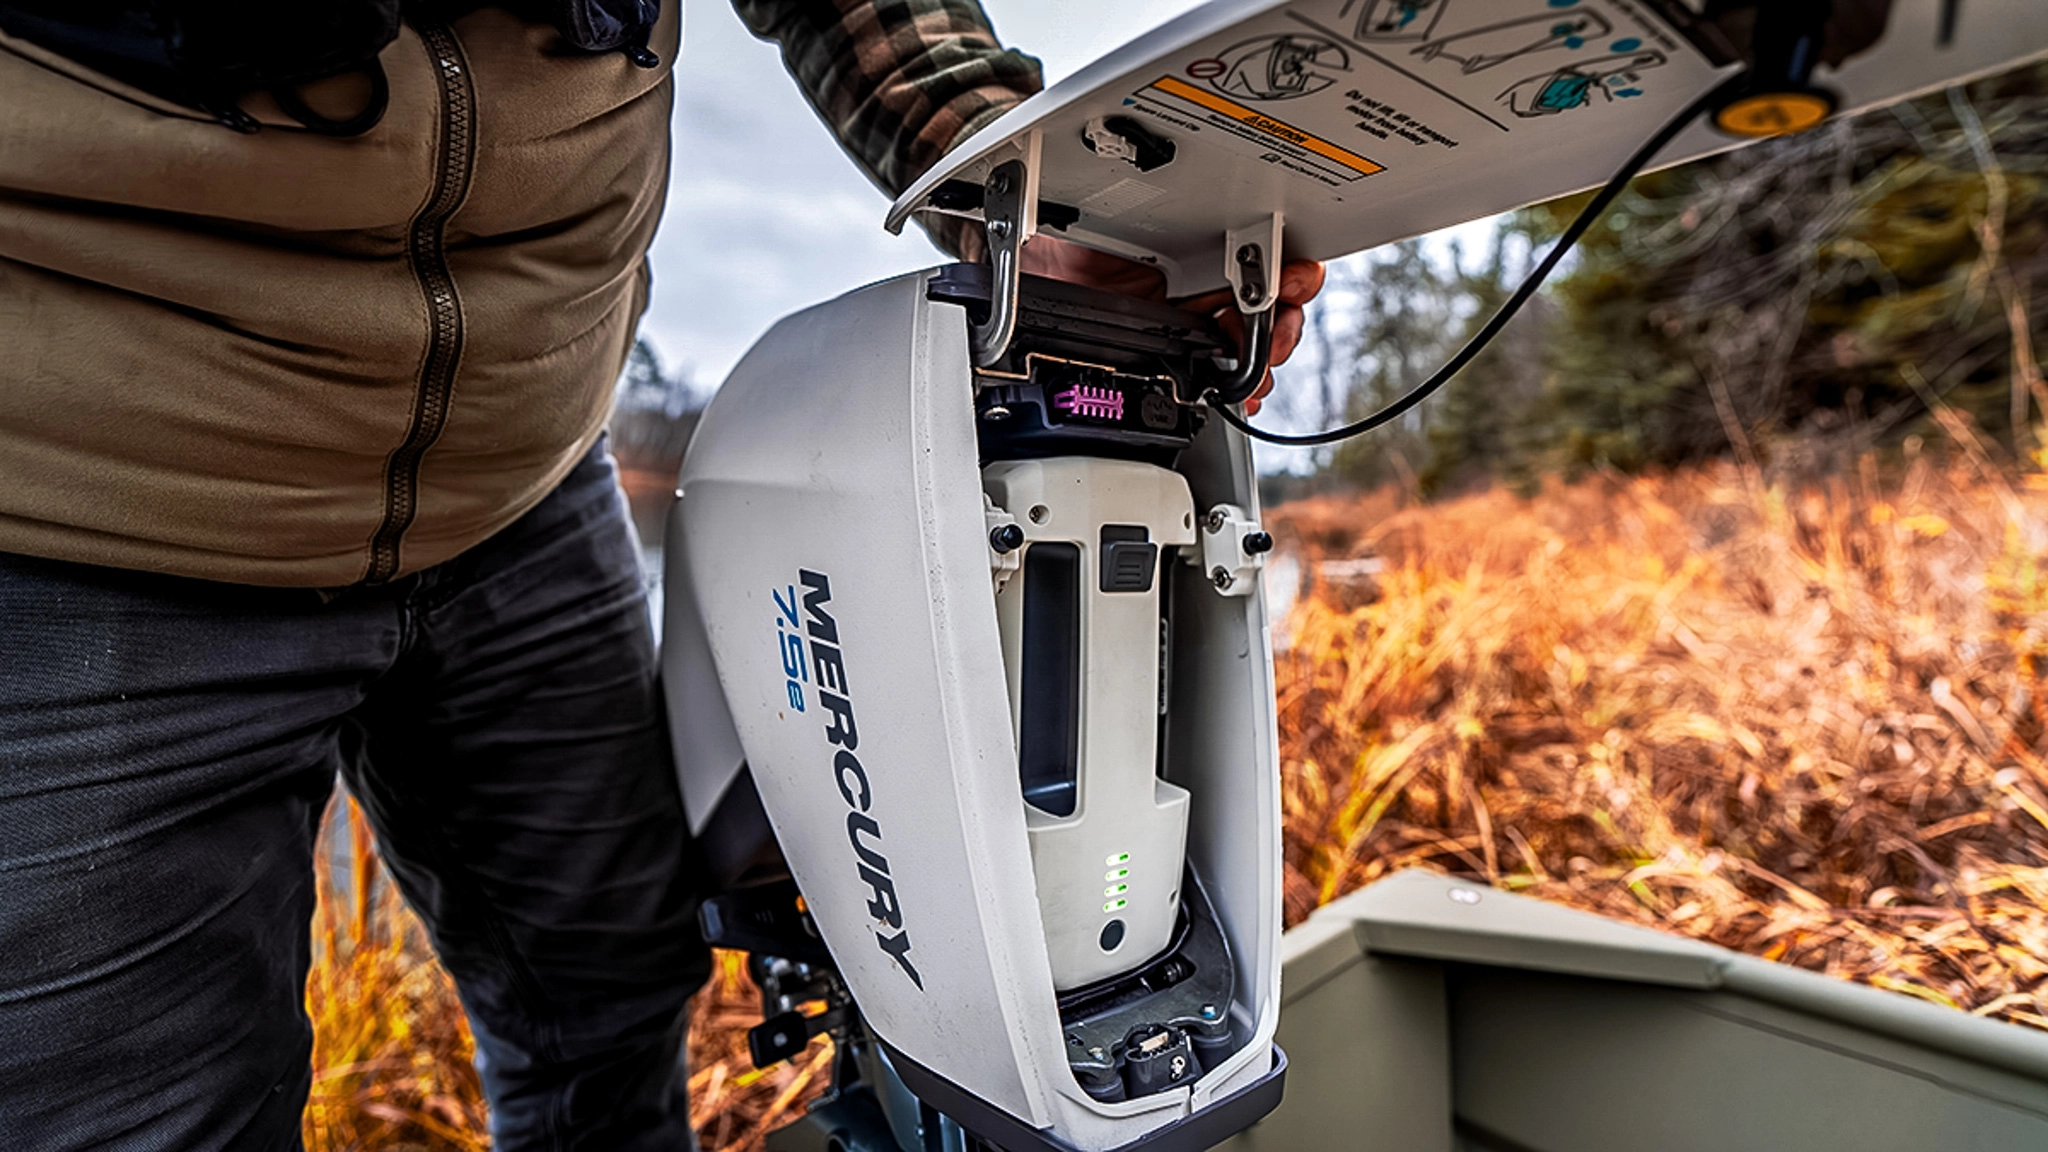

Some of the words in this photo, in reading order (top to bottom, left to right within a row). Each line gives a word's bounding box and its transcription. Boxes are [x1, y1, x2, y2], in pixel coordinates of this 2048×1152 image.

[1257, 120, 1309, 143] CAUTION
[1395, 128, 1429, 145] battery
[1416, 125, 1459, 149] transport
[773, 585, 808, 713] 7.5e
[799, 568, 924, 992] MERCURY
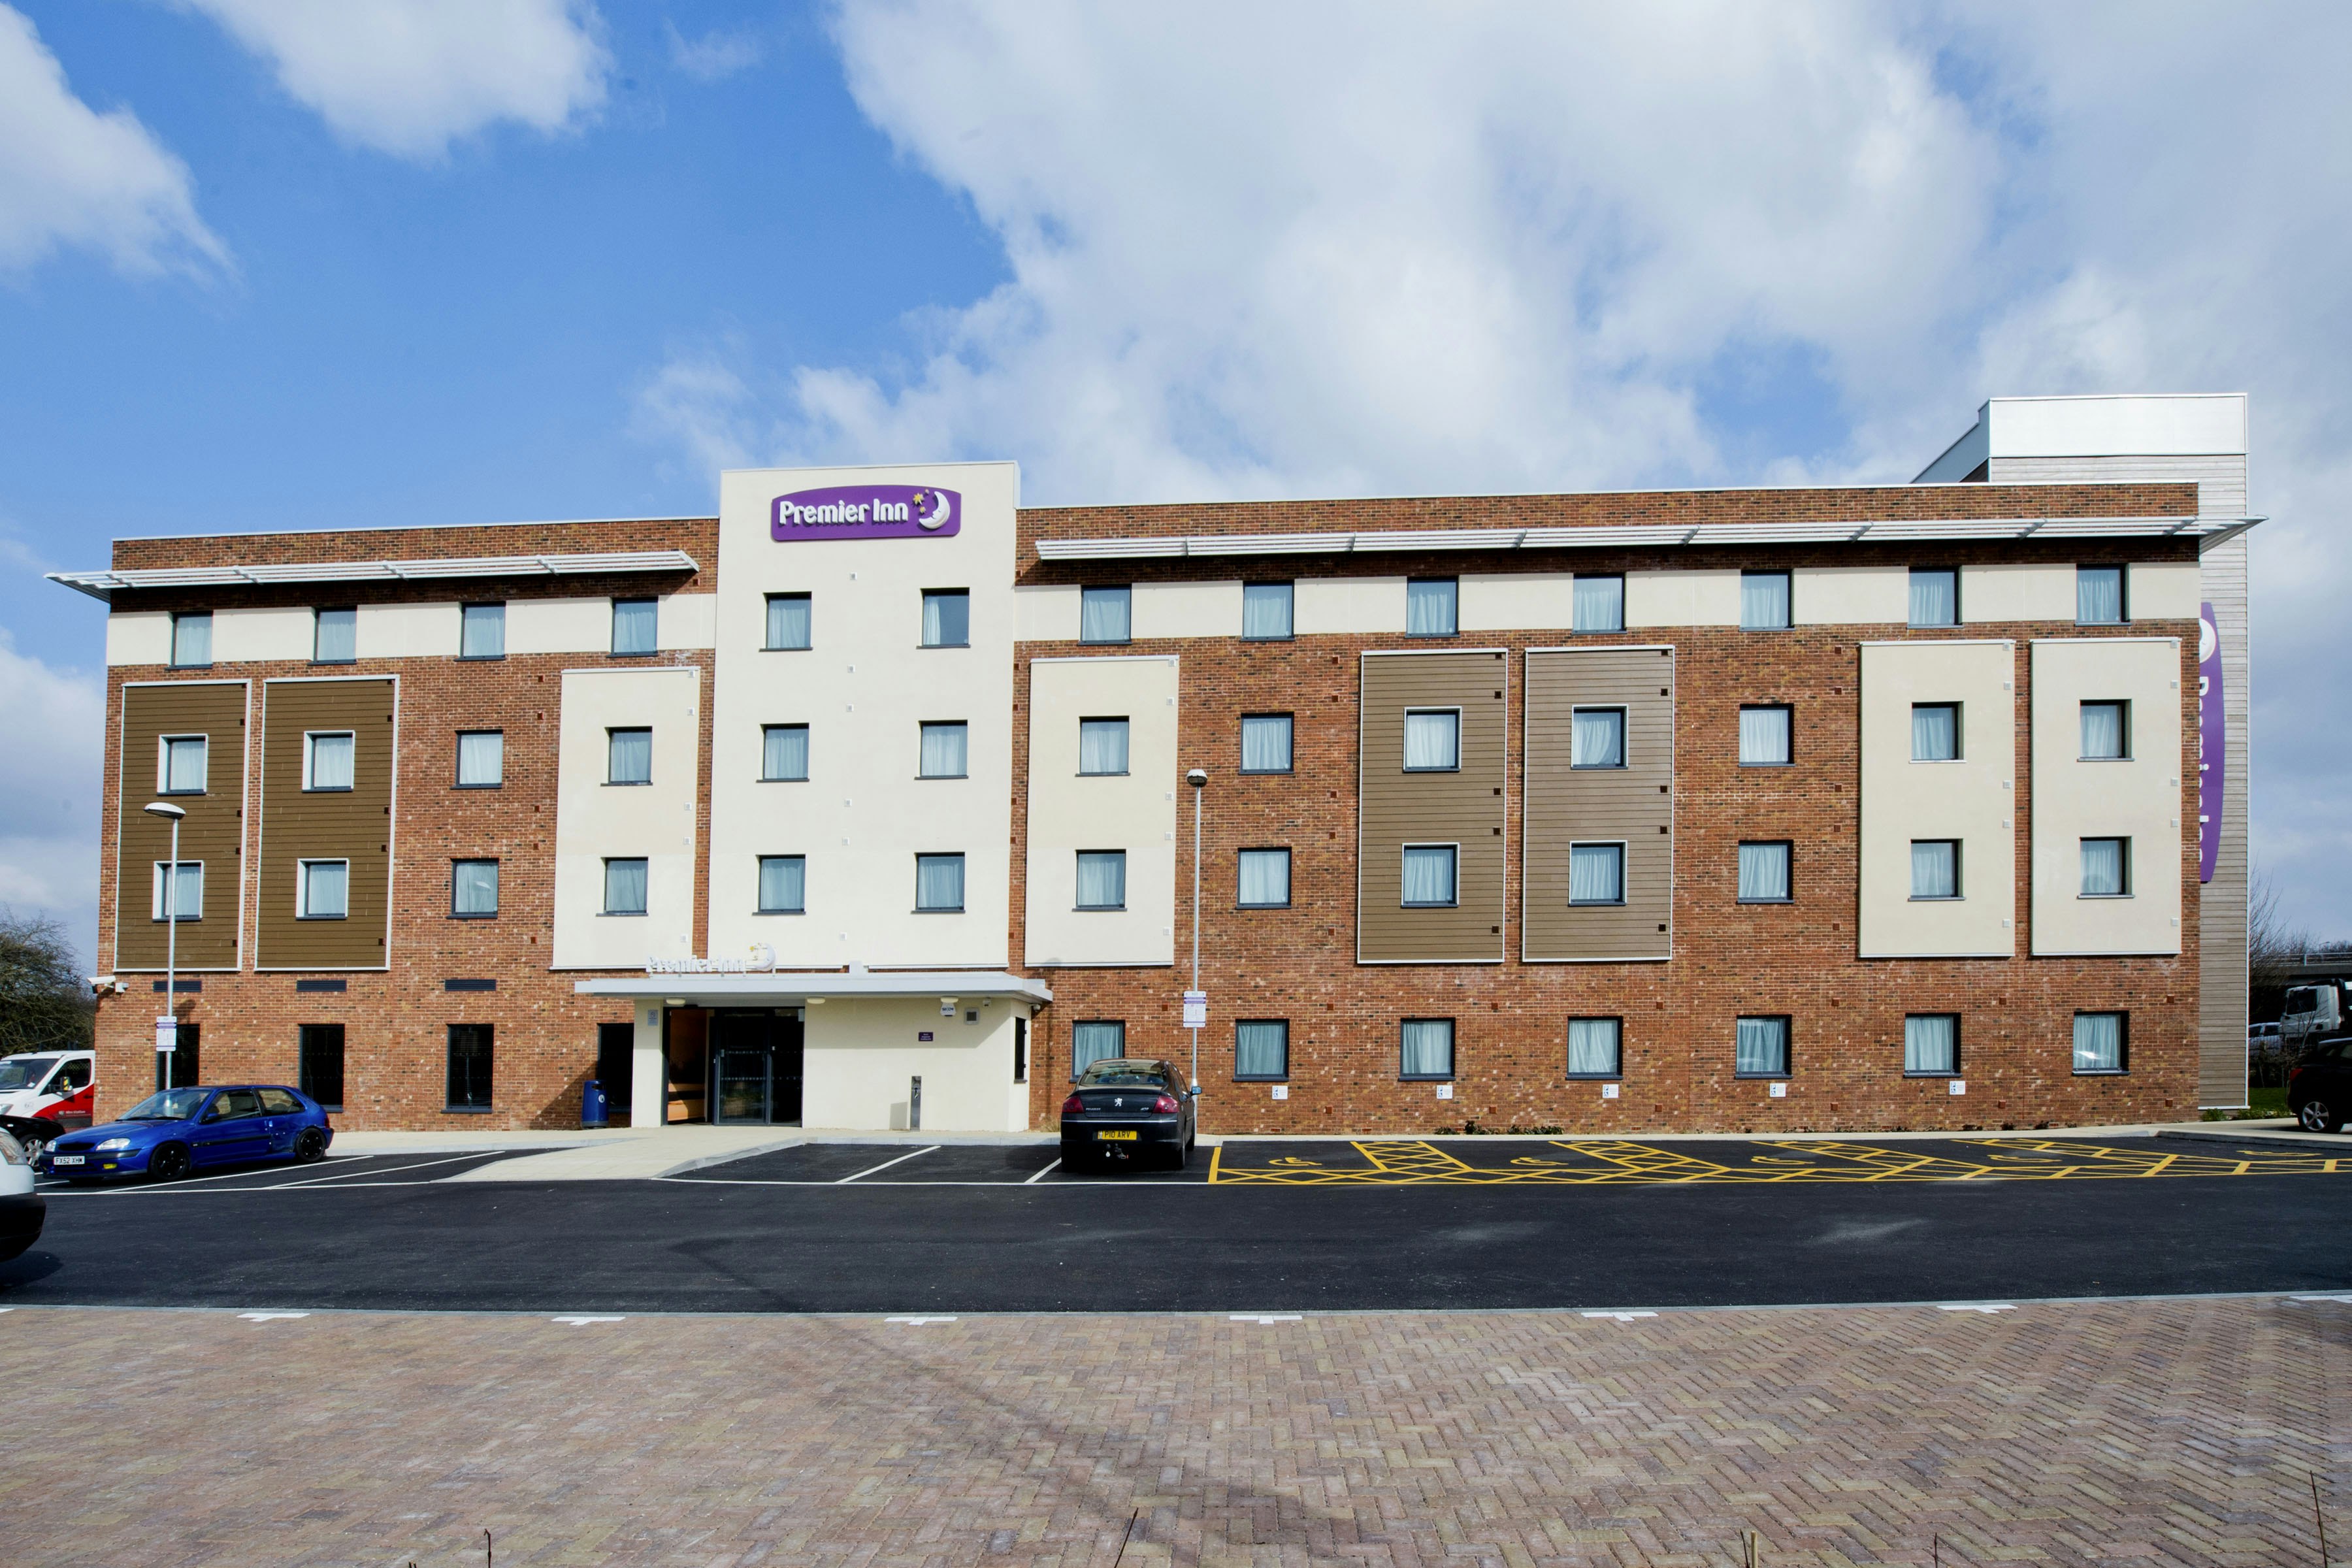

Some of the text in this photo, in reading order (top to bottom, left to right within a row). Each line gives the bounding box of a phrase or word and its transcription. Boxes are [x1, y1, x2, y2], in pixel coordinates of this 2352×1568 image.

[779, 498, 909, 525] Premier Inn
[646, 955, 746, 972] Premier Inn

____

TASK TO COMPLETE: Taking the line that contains "Some of the text" as the first, reproduce every line through the end of the entries exactly.

RESULT OF THE TASK:
Some of the text in this photo, in reading order (top to bottom, left to right within a row). Each line gives the bounding box of a phrase or word and its transcription. Boxes are [x1, y1, x2, y2], in pixel coordinates of this 2352×1568 image.

[779, 498, 909, 525] Premier Inn
[646, 955, 746, 972] Premier Inn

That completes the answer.